======== Listed entries
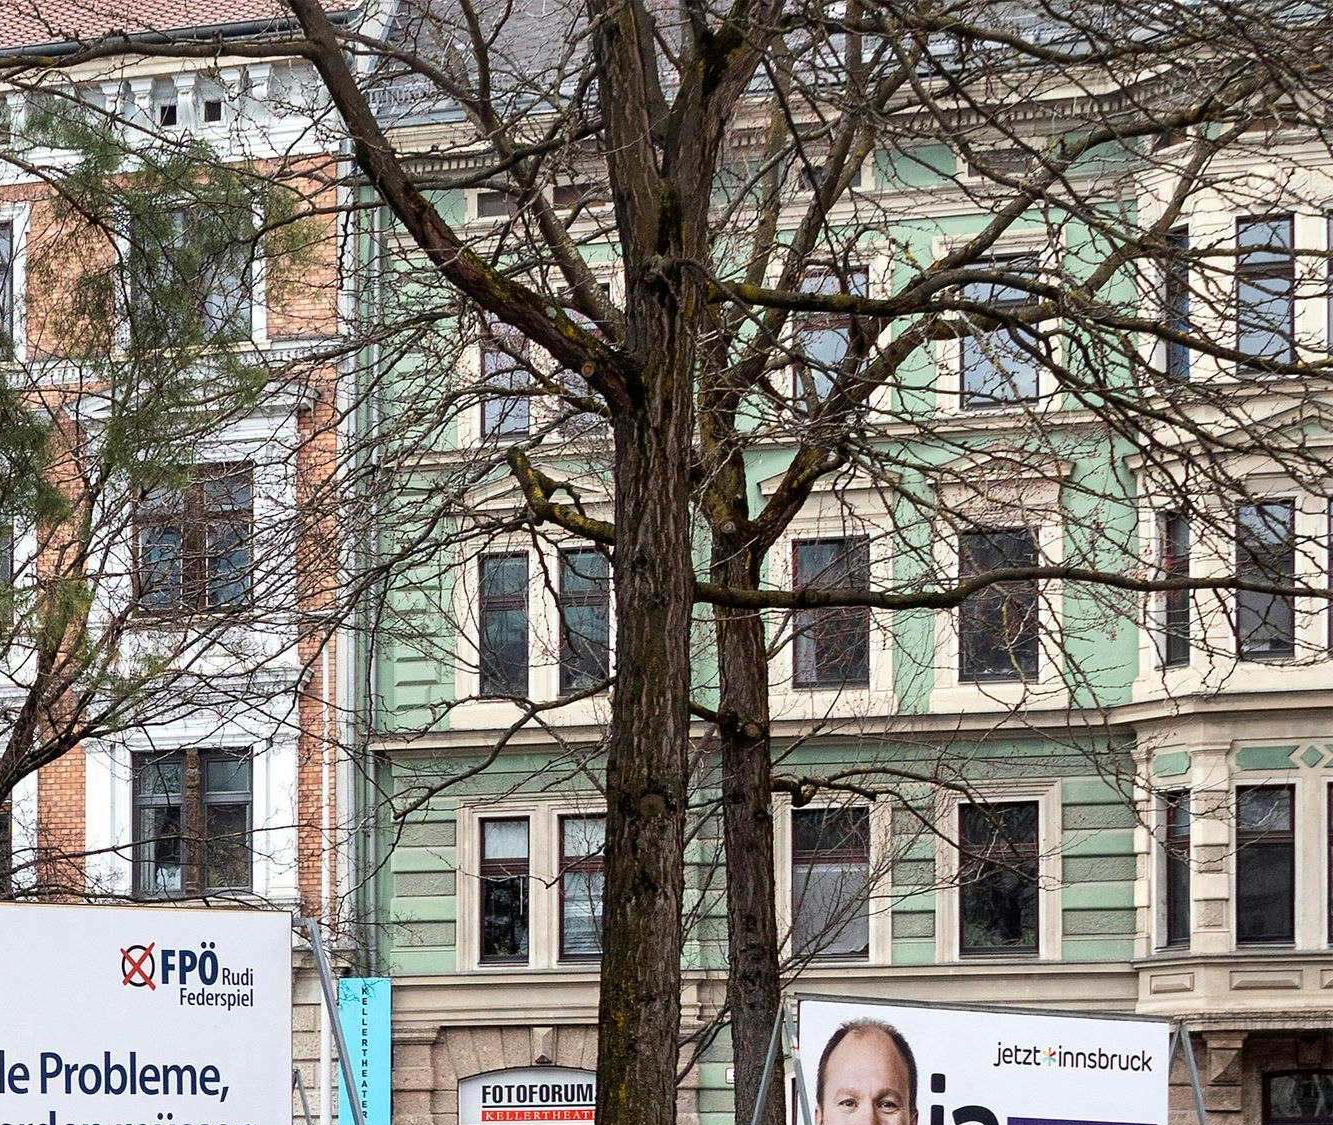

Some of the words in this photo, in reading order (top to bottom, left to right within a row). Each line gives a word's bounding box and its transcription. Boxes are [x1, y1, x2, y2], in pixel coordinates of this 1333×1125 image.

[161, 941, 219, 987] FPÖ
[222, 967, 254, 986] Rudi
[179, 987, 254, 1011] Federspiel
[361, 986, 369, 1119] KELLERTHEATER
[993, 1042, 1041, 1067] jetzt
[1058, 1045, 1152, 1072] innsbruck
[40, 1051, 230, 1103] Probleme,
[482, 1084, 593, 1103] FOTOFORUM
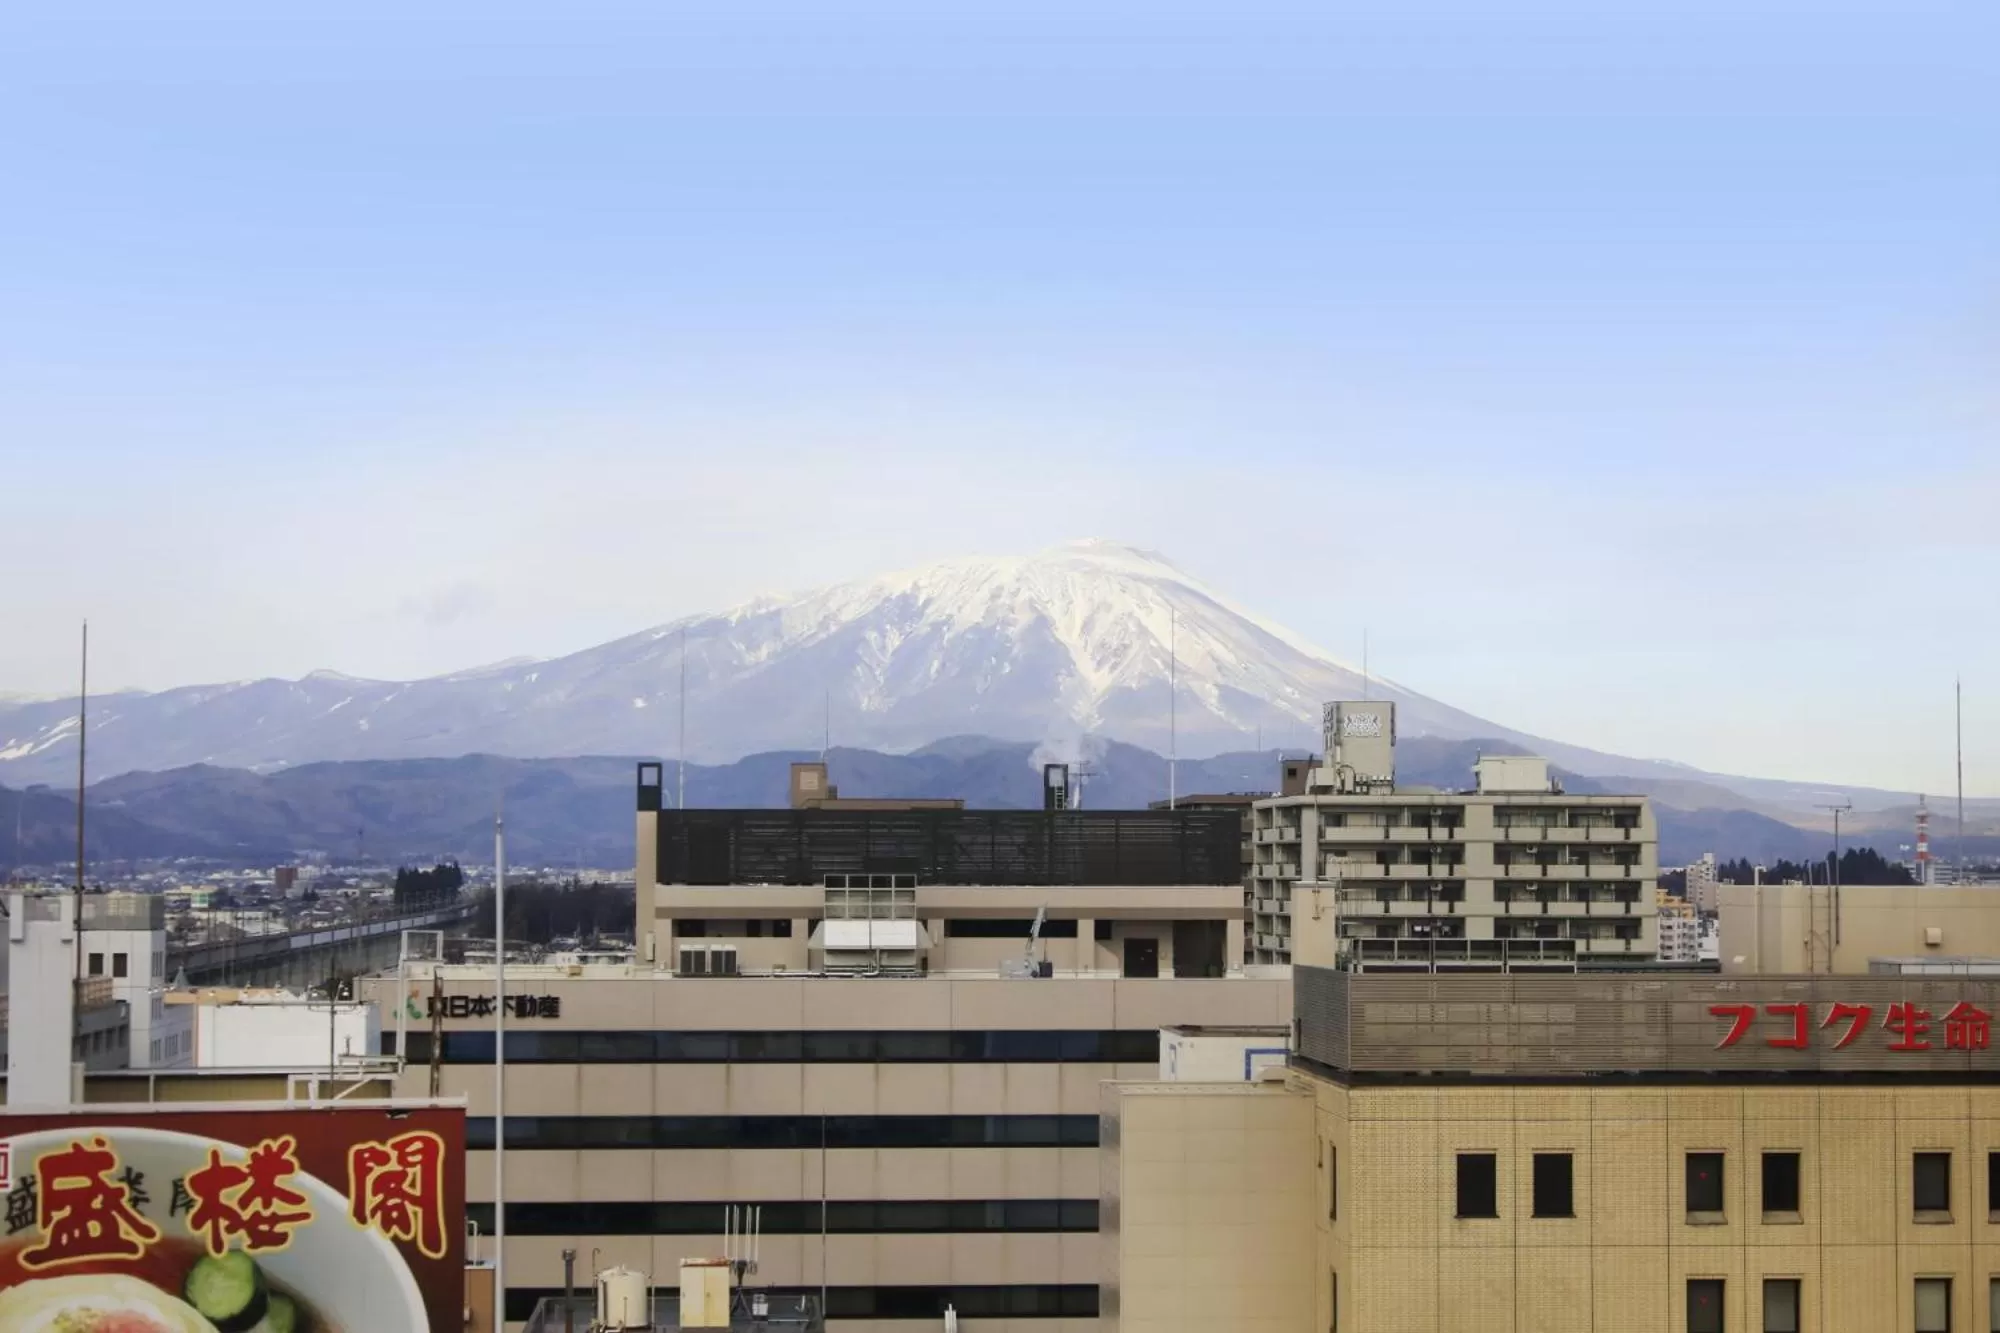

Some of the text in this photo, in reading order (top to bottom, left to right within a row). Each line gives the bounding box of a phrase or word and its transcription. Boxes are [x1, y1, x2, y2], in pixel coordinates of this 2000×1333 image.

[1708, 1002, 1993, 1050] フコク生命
================
**Activity:**
What comes back should match the records exactly, minus any pictures.

**Solution:**
Some of the words in this photo, in reading order (top to bottom, left to right within a row). Each line gives a word's bounding box and its transcription. Boxes are [x1, y1, x2, y2], in pixel coordinates of this 1333×1125 image.

[161, 941, 219, 987] FPÖ
[222, 967, 254, 986] Rudi
[179, 987, 254, 1011] Federspiel
[361, 986, 369, 1119] KELLERTHEATER
[993, 1042, 1041, 1067] jetzt
[1058, 1045, 1152, 1072] innsbruck
[40, 1051, 230, 1103] Probleme,
[482, 1084, 593, 1103] FOTOFORUM

Some of the text in this photo, in reading order (top to bottom, left to right within a row). Each line gives the bounding box of a phrase or word and its transcription. Boxes are [x1, y1, x2, y2], in pixel coordinates of this 2000×1333 image.

[1708, 1002, 1993, 1050] フコク生命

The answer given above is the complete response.